(Records for this task begins)

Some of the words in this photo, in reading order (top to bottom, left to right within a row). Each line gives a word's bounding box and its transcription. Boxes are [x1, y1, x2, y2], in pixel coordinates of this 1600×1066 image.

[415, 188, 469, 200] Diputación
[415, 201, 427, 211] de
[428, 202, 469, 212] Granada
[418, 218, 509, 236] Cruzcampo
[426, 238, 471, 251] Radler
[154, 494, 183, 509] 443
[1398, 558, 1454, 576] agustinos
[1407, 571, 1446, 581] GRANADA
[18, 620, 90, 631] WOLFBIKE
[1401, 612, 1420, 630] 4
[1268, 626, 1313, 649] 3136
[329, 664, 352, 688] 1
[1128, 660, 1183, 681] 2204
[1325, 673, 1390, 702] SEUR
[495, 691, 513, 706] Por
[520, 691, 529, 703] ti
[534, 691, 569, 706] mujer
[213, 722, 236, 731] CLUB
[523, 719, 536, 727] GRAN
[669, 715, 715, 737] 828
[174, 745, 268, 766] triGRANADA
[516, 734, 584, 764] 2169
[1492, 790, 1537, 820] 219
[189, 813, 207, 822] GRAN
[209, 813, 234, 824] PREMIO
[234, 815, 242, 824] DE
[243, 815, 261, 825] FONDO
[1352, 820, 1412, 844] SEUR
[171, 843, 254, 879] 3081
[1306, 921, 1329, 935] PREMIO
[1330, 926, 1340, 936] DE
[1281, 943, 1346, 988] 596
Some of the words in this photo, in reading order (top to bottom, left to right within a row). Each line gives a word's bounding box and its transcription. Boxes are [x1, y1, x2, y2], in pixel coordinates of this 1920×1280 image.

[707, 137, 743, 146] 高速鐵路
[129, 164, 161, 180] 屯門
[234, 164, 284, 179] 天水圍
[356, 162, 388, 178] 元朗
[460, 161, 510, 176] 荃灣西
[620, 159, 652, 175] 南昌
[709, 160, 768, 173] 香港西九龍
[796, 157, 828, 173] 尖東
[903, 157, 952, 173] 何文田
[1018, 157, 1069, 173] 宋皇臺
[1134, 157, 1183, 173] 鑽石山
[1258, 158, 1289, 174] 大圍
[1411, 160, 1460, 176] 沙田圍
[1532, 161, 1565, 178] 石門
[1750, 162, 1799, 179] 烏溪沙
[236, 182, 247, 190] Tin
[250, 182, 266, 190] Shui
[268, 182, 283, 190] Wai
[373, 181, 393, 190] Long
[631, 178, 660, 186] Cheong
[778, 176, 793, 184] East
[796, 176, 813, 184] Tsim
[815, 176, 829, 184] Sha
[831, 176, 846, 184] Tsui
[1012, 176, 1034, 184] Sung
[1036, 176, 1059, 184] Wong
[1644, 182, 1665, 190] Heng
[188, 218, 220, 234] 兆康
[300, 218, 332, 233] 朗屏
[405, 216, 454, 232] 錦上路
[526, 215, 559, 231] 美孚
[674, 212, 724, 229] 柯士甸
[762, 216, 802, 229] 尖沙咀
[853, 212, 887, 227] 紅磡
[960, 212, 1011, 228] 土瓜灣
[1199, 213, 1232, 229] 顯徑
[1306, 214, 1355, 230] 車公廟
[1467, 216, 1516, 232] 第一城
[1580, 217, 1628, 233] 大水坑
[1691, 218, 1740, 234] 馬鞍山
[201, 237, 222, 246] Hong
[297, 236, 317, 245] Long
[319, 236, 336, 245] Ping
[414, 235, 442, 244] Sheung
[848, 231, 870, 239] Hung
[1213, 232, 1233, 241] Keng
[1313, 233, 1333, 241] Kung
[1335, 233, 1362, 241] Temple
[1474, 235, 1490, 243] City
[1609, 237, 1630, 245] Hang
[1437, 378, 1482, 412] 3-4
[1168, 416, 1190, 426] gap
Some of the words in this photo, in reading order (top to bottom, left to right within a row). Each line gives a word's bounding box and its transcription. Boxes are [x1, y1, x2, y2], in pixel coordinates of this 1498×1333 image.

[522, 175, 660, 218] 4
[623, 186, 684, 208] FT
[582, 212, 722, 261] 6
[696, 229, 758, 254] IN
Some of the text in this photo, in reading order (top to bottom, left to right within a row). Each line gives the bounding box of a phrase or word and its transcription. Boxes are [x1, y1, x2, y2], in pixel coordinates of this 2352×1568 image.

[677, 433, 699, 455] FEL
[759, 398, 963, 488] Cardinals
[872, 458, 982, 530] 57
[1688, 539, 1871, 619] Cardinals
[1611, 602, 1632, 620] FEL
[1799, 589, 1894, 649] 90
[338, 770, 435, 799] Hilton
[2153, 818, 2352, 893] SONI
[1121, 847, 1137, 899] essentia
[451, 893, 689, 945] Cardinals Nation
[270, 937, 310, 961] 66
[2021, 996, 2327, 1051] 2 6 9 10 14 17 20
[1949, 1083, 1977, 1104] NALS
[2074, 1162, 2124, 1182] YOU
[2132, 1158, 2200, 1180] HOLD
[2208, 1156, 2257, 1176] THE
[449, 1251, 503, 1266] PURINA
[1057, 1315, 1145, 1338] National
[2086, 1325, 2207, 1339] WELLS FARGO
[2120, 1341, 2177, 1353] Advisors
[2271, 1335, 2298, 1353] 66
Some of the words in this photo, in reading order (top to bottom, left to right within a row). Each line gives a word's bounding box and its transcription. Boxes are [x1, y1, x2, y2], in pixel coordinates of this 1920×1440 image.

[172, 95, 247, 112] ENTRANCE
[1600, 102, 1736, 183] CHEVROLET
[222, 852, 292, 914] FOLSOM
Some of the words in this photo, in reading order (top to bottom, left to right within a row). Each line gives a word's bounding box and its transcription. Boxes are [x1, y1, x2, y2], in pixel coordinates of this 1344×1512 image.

(Records for this task ends)

What you will do:
A word-for-word restatement of every record above is expected.

Answer section:
Some of the words in this photo, in reading order (top to bottom, left to right within a row). Each line gives a word's bounding box and its transcription. Boxes are [x1, y1, x2, y2], in pixel coordinates of this 1600×1066 image.

[415, 188, 469, 200] Diputación
[415, 201, 427, 211] de
[428, 202, 469, 212] Granada
[418, 218, 509, 236] Cruzcampo
[426, 238, 471, 251] Radler
[154, 494, 183, 509] 443
[1398, 558, 1454, 576] agustinos
[1407, 571, 1446, 581] GRANADA
[18, 620, 90, 631] WOLFBIKE
[1401, 612, 1420, 630] 4
[1268, 626, 1313, 649] 3136
[329, 664, 352, 688] 1
[1128, 660, 1183, 681] 2204
[1325, 673, 1390, 702] SEUR
[495, 691, 513, 706] Por
[520, 691, 529, 703] ti
[534, 691, 569, 706] mujer
[213, 722, 236, 731] CLUB
[523, 719, 536, 727] GRAN
[669, 715, 715, 737] 828
[174, 745, 268, 766] triGRANADA
[516, 734, 584, 764] 2169
[1492, 790, 1537, 820] 219
[189, 813, 207, 822] GRAN
[209, 813, 234, 824] PREMIO
[234, 815, 242, 824] DE
[243, 815, 261, 825] FONDO
[1352, 820, 1412, 844] SEUR
[171, 843, 254, 879] 3081
[1306, 921, 1329, 935] PREMIO
[1330, 926, 1340, 936] DE
[1281, 943, 1346, 988] 596
Some of the words in this photo, in reading order (top to bottom, left to right within a row). Each line gives a word's bounding box and its transcription. Boxes are [x1, y1, x2, y2], in pixel coordinates of this 1920×1280 image.

[707, 137, 743, 146] 高速鐵路
[129, 164, 161, 180] 屯門
[234, 164, 284, 179] 天水圍
[356, 162, 388, 178] 元朗
[460, 161, 510, 176] 荃灣西
[620, 159, 652, 175] 南昌
[709, 160, 768, 173] 香港西九龍
[796, 157, 828, 173] 尖東
[903, 157, 952, 173] 何文田
[1018, 157, 1069, 173] 宋皇臺
[1134, 157, 1183, 173] 鑽石山
[1258, 158, 1289, 174] 大圍
[1411, 160, 1460, 176] 沙田圍
[1532, 161, 1565, 178] 石門
[1750, 162, 1799, 179] 烏溪沙
[236, 182, 247, 190] Tin
[250, 182, 266, 190] Shui
[268, 182, 283, 190] Wai
[373, 181, 393, 190] Long
[631, 178, 660, 186] Cheong
[778, 176, 793, 184] East
[796, 176, 813, 184] Tsim
[815, 176, 829, 184] Sha
[831, 176, 846, 184] Tsui
[1012, 176, 1034, 184] Sung
[1036, 176, 1059, 184] Wong
[1644, 182, 1665, 190] Heng
[188, 218, 220, 234] 兆康
[300, 218, 332, 233] 朗屏
[405, 216, 454, 232] 錦上路
[526, 215, 559, 231] 美孚
[674, 212, 724, 229] 柯士甸
[762, 216, 802, 229] 尖沙咀
[853, 212, 887, 227] 紅磡
[960, 212, 1011, 228] 土瓜灣
[1199, 213, 1232, 229] 顯徑
[1306, 214, 1355, 230] 車公廟
[1467, 216, 1516, 232] 第一城
[1580, 217, 1628, 233] 大水坑
[1691, 218, 1740, 234] 馬鞍山
[201, 237, 222, 246] Hong
[297, 236, 317, 245] Long
[319, 236, 336, 245] Ping
[414, 235, 442, 244] Sheung
[848, 231, 870, 239] Hung
[1213, 232, 1233, 241] Keng
[1313, 233, 1333, 241] Kung
[1335, 233, 1362, 241] Temple
[1474, 235, 1490, 243] City
[1609, 237, 1630, 245] Hang
[1437, 378, 1482, 412] 3-4
[1168, 416, 1190, 426] gap
Some of the words in this photo, in reading order (top to bottom, left to right within a row). Each line gives a word's bounding box and its transcription. Boxes are [x1, y1, x2, y2], in pixel coordinates of this 1498×1333 image.

[522, 175, 660, 218] 4
[623, 186, 684, 208] FT
[582, 212, 722, 261] 6
[696, 229, 758, 254] IN
Some of the text in this photo, in reading order (top to bottom, left to right within a row). Each line gives the bounding box of a phrase or word and its transcription. Boxes are [x1, y1, x2, y2], in pixel coordinates of this 2352×1568 image.

[677, 433, 699, 455] FEL
[759, 398, 963, 488] Cardinals
[872, 458, 982, 530] 57
[1688, 539, 1871, 619] Cardinals
[1611, 602, 1632, 620] FEL
[1799, 589, 1894, 649] 90
[338, 770, 435, 799] Hilton
[2153, 818, 2352, 893] SONI
[1121, 847, 1137, 899] essentia
[451, 893, 689, 945] Cardinals Nation
[270, 937, 310, 961] 66
[2021, 996, 2327, 1051] 2 6 9 10 14 17 20
[1949, 1083, 1977, 1104] NALS
[2074, 1162, 2124, 1182] YOU
[2132, 1158, 2200, 1180] HOLD
[2208, 1156, 2257, 1176] THE
[449, 1251, 503, 1266] PURINA
[1057, 1315, 1145, 1338] National
[2086, 1325, 2207, 1339] WELLS FARGO
[2120, 1341, 2177, 1353] Advisors
[2271, 1335, 2298, 1353] 66
Some of the words in this photo, in reading order (top to bottom, left to right within a row). Each line gives a word's bounding box and its transcription. Boxes are [x1, y1, x2, y2], in pixel coordinates of this 1920×1440 image.

[172, 95, 247, 112] ENTRANCE
[1600, 102, 1736, 183] CHEVROLET
[222, 852, 292, 914] FOLSOM
Some of the words in this photo, in reading order (top to bottom, left to right within a row). Each line gives a word's bounding box and its transcription. Boxes are [x1, y1, x2, y2], in pixel coordinates of this 1344×1512 image.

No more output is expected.